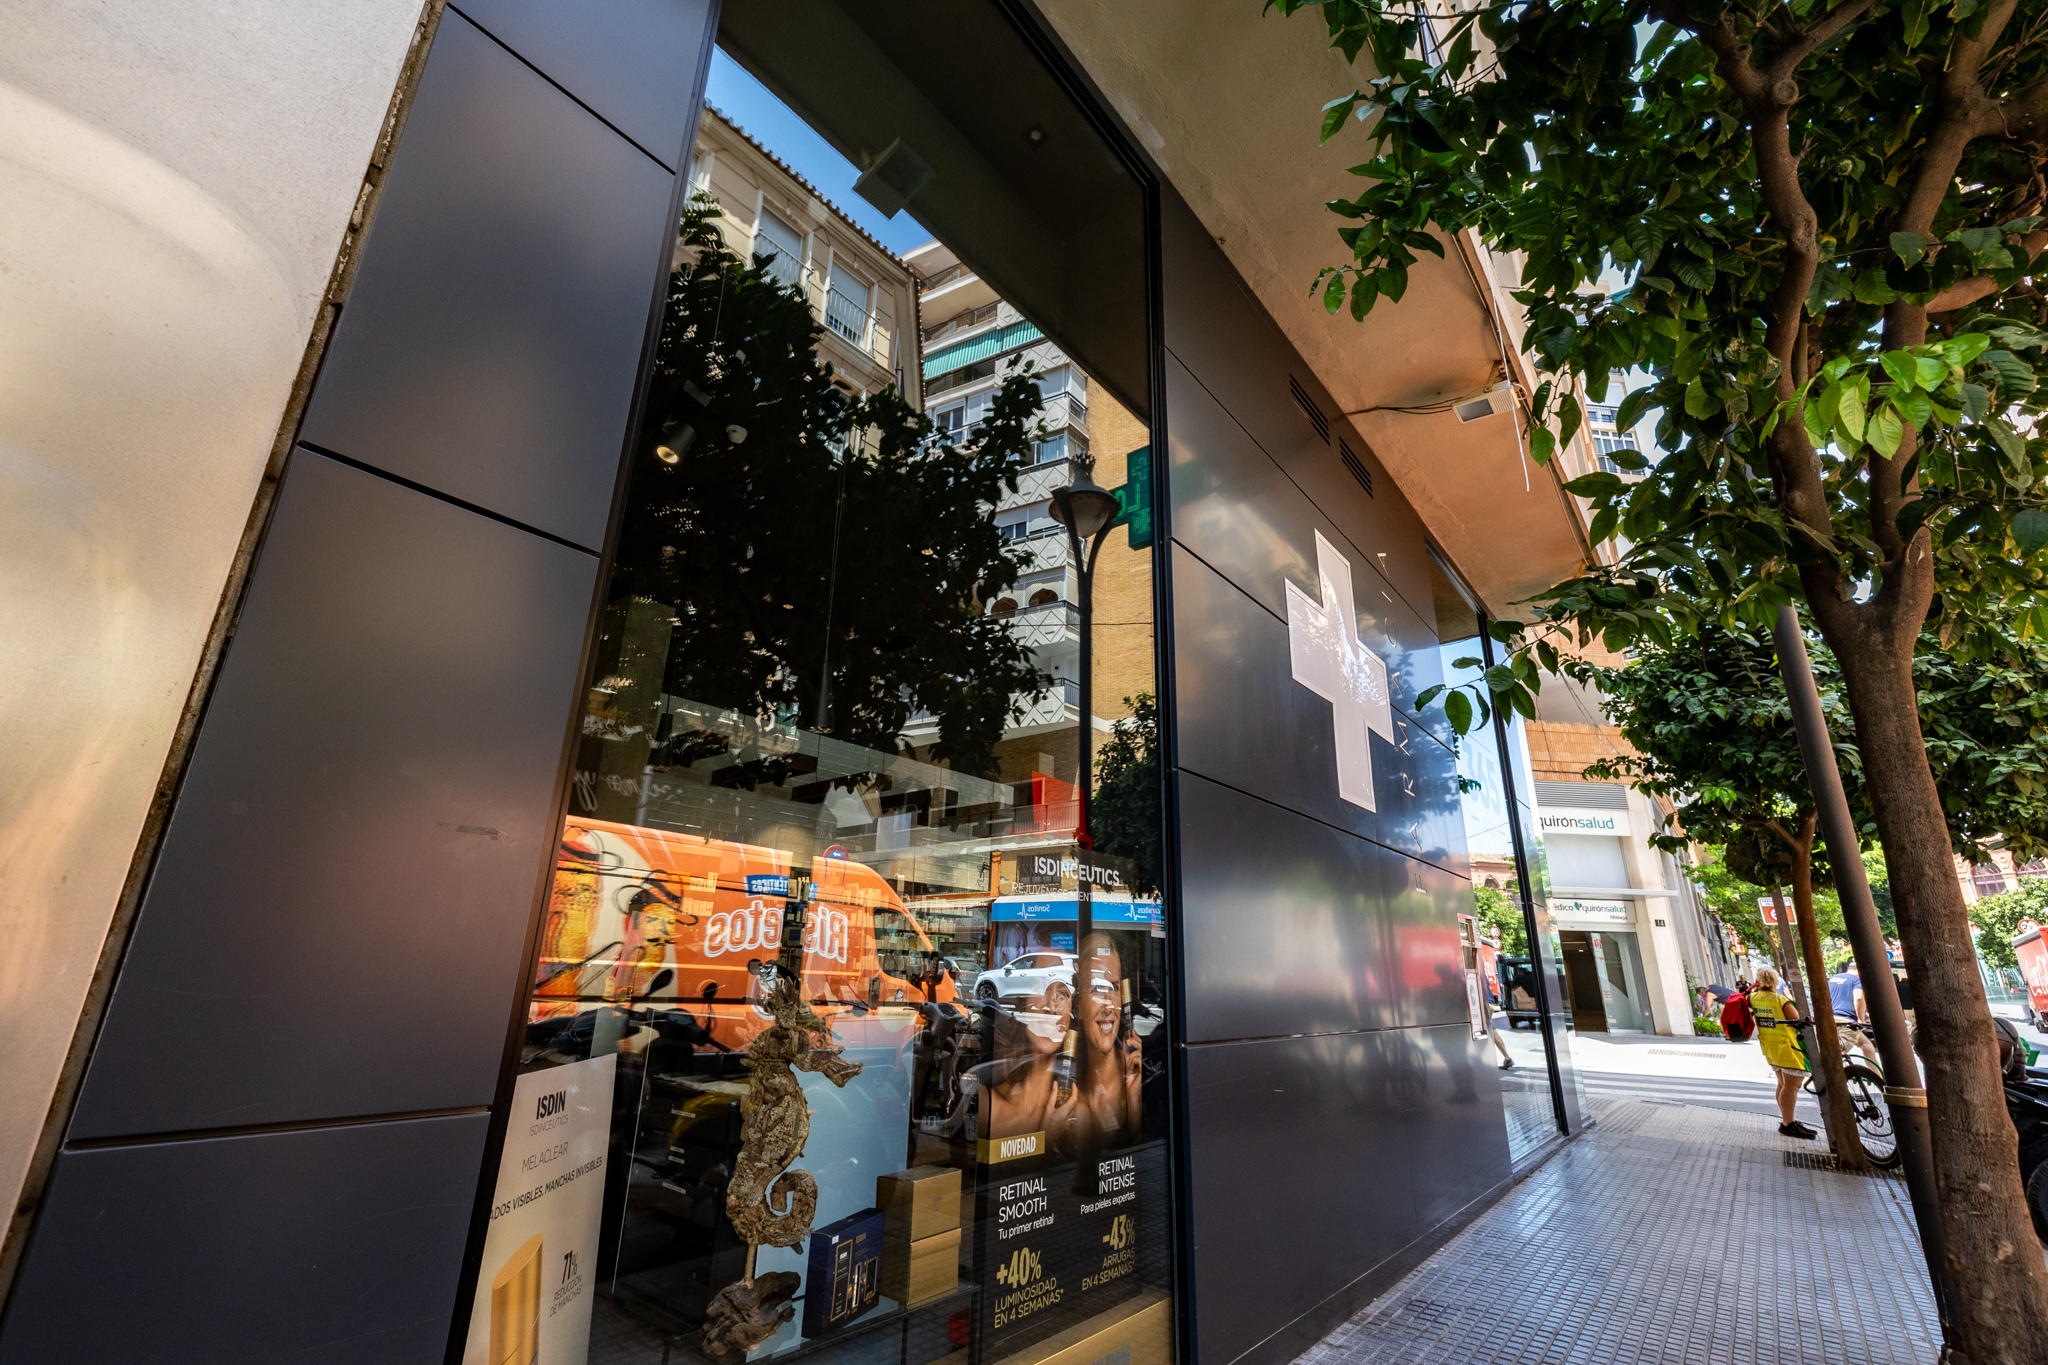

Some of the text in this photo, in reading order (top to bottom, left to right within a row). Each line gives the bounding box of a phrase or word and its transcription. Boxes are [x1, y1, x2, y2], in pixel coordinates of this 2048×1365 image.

[1034, 856, 1120, 886] ISDINCEUTICS
[1011, 881, 1068, 900] REJUVENECE
[1071, 890, 1108, 905] MIENTRAS
[1582, 903, 1627, 913] quirónsalud
[536, 1090, 567, 1120] ISDIN
[528, 1113, 569, 1137] ISDINCEUTICS
[521, 1141, 569, 1174] MELACLEAR
[1000, 1135, 1036, 1159] NOVEDAD
[544, 1170, 576, 1195] MANCHAS
[575, 1156, 603, 1179] INVISIBLES
[1098, 1155, 1136, 1177] RETINAL
[999, 1177, 1047, 1202] RETINAL
[1098, 1172, 1136, 1195] INTENSE
[998, 1195, 1047, 1223] SMOOTH
[1080, 1191, 1136, 1214] Para pieles expertas
[998, 1213, 1054, 1240] Tu primer retinal
[1102, 1214, 1136, 1251] -43%
[561, 1249, 579, 1285] 71%
[996, 1246, 1042, 1289] +40%
[1102, 1248, 1136, 1269] ARRUGAS
[1082, 1278, 1093, 1291] EN
[1093, 1274, 1099, 1286] 4
[994, 1277, 1057, 1313] LUMINOSIDAD
[549, 1303, 558, 1318] DE
[994, 1313, 1008, 1329] EN
[1009, 1308, 1016, 1320] 4

PROBLEM DESCRIPTION =
Give the material again exactly as it is, but keep the pictures out.

RESULT OF THIS TASK =
Some of the text in this photo, in reading order (top to bottom, left to right within a row). Each line gives the bounding box of a phrase or word and its transcription. Boxes are [x1, y1, x2, y2], in pixel coordinates of this 2048×1365 image.

[1034, 856, 1120, 886] ISDINCEUTICS
[1011, 881, 1068, 900] REJUVENECE
[1071, 890, 1108, 905] MIENTRAS
[1582, 903, 1627, 913] quirónsalud
[536, 1090, 567, 1120] ISDIN
[528, 1113, 569, 1137] ISDINCEUTICS
[521, 1141, 569, 1174] MELACLEAR
[1000, 1135, 1036, 1159] NOVEDAD
[544, 1170, 576, 1195] MANCHAS
[575, 1156, 603, 1179] INVISIBLES
[1098, 1155, 1136, 1177] RETINAL
[999, 1177, 1047, 1202] RETINAL
[1098, 1172, 1136, 1195] INTENSE
[998, 1195, 1047, 1223] SMOOTH
[1080, 1191, 1136, 1214] Para pieles expertas
[998, 1213, 1054, 1240] Tu primer retinal
[1102, 1214, 1136, 1251] -43%
[561, 1249, 579, 1285] 71%
[996, 1246, 1042, 1289] +40%
[1102, 1248, 1136, 1269] ARRUGAS
[1082, 1278, 1093, 1291] EN
[1093, 1274, 1099, 1286] 4
[994, 1277, 1057, 1313] LUMINOSIDAD
[549, 1303, 558, 1318] DE
[994, 1313, 1008, 1329] EN
[1009, 1308, 1016, 1320] 4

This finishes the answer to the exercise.